[DATA SHOWN]
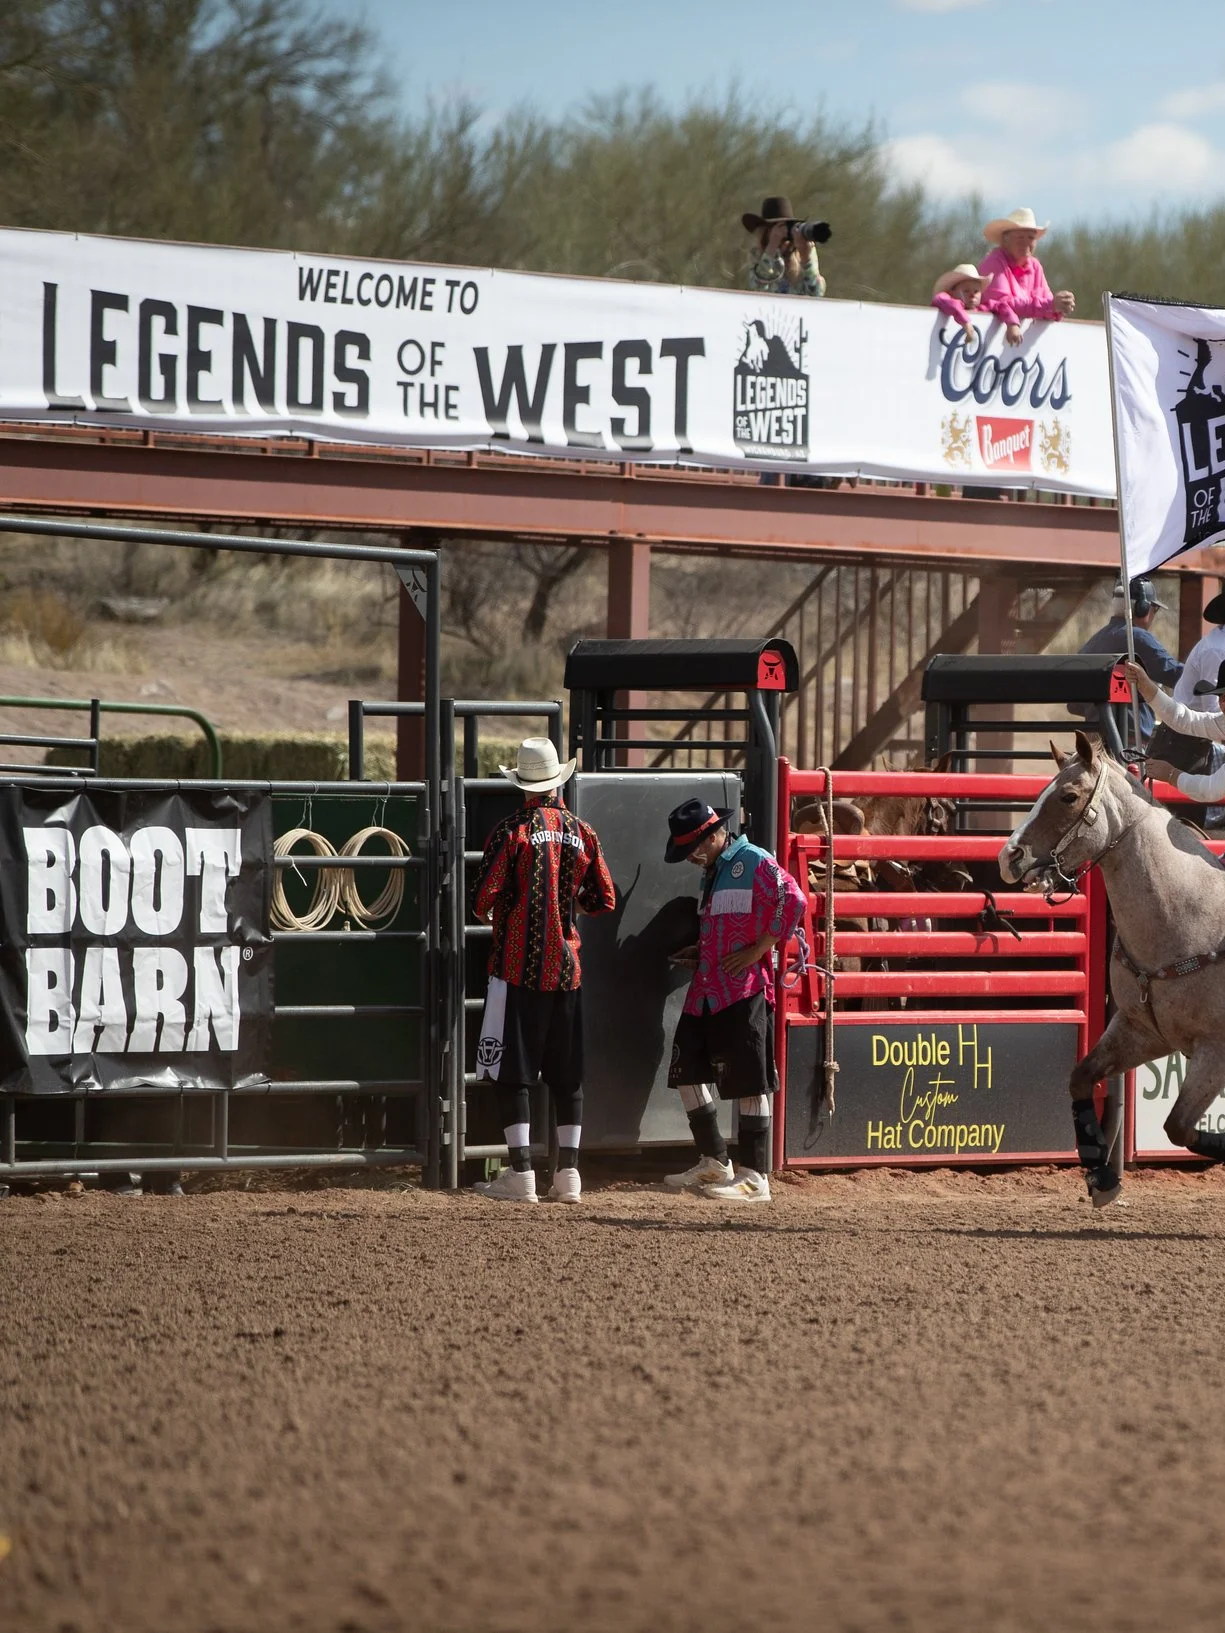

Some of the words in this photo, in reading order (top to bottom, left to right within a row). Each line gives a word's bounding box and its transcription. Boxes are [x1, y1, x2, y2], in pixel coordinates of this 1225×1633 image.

[299, 266, 436, 313] WELCOME
[445, 280, 479, 315] TO
[42, 281, 371, 419] LEGENDS
[397, 339, 445, 377] OF
[939, 324, 1072, 411] Coors
[397, 381, 460, 421] THE
[472, 337, 706, 455] WEST
[736, 374, 807, 412] LEGENDS
[735, 415, 748, 429] OF
[735, 427, 751, 440] THE
[748, 406, 807, 446] WEST
[981, 423, 1032, 466] Banquet
[1193, 486, 1216, 508] OF
[1190, 507, 1213, 529] THE
[530, 830, 585, 853] ROBINSON
[22, 826, 242, 935] BOOT
[872, 1033, 950, 1066] Double
[900, 1066, 959, 1124] Custom
[867, 1120, 903, 1150] Hat
[908, 1119, 1005, 1155] Company
[/DATA SHOWN]
◆ BRIEF: The reply is to be all the records above, transcribed exactly, with no pictures.

◆ ANSWER AREA:
Some of the words in this photo, in reading order (top to bottom, left to right within a row). Each line gives a word's bounding box and its transcription. Boxes are [x1, y1, x2, y2], in pixel coordinates of this 1225×1633 image.

[299, 266, 436, 313] WELCOME
[445, 280, 479, 315] TO
[42, 281, 371, 419] LEGENDS
[397, 339, 445, 377] OF
[939, 324, 1072, 411] Coors
[397, 381, 460, 421] THE
[472, 337, 706, 455] WEST
[736, 374, 807, 412] LEGENDS
[735, 415, 748, 429] OF
[735, 427, 751, 440] THE
[748, 406, 807, 446] WEST
[981, 423, 1032, 466] Banquet
[1193, 486, 1216, 508] OF
[1190, 507, 1213, 529] THE
[530, 830, 585, 853] ROBINSON
[22, 826, 242, 935] BOOT
[872, 1033, 950, 1066] Double
[900, 1066, 959, 1124] Custom
[867, 1120, 903, 1150] Hat
[908, 1119, 1005, 1155] Company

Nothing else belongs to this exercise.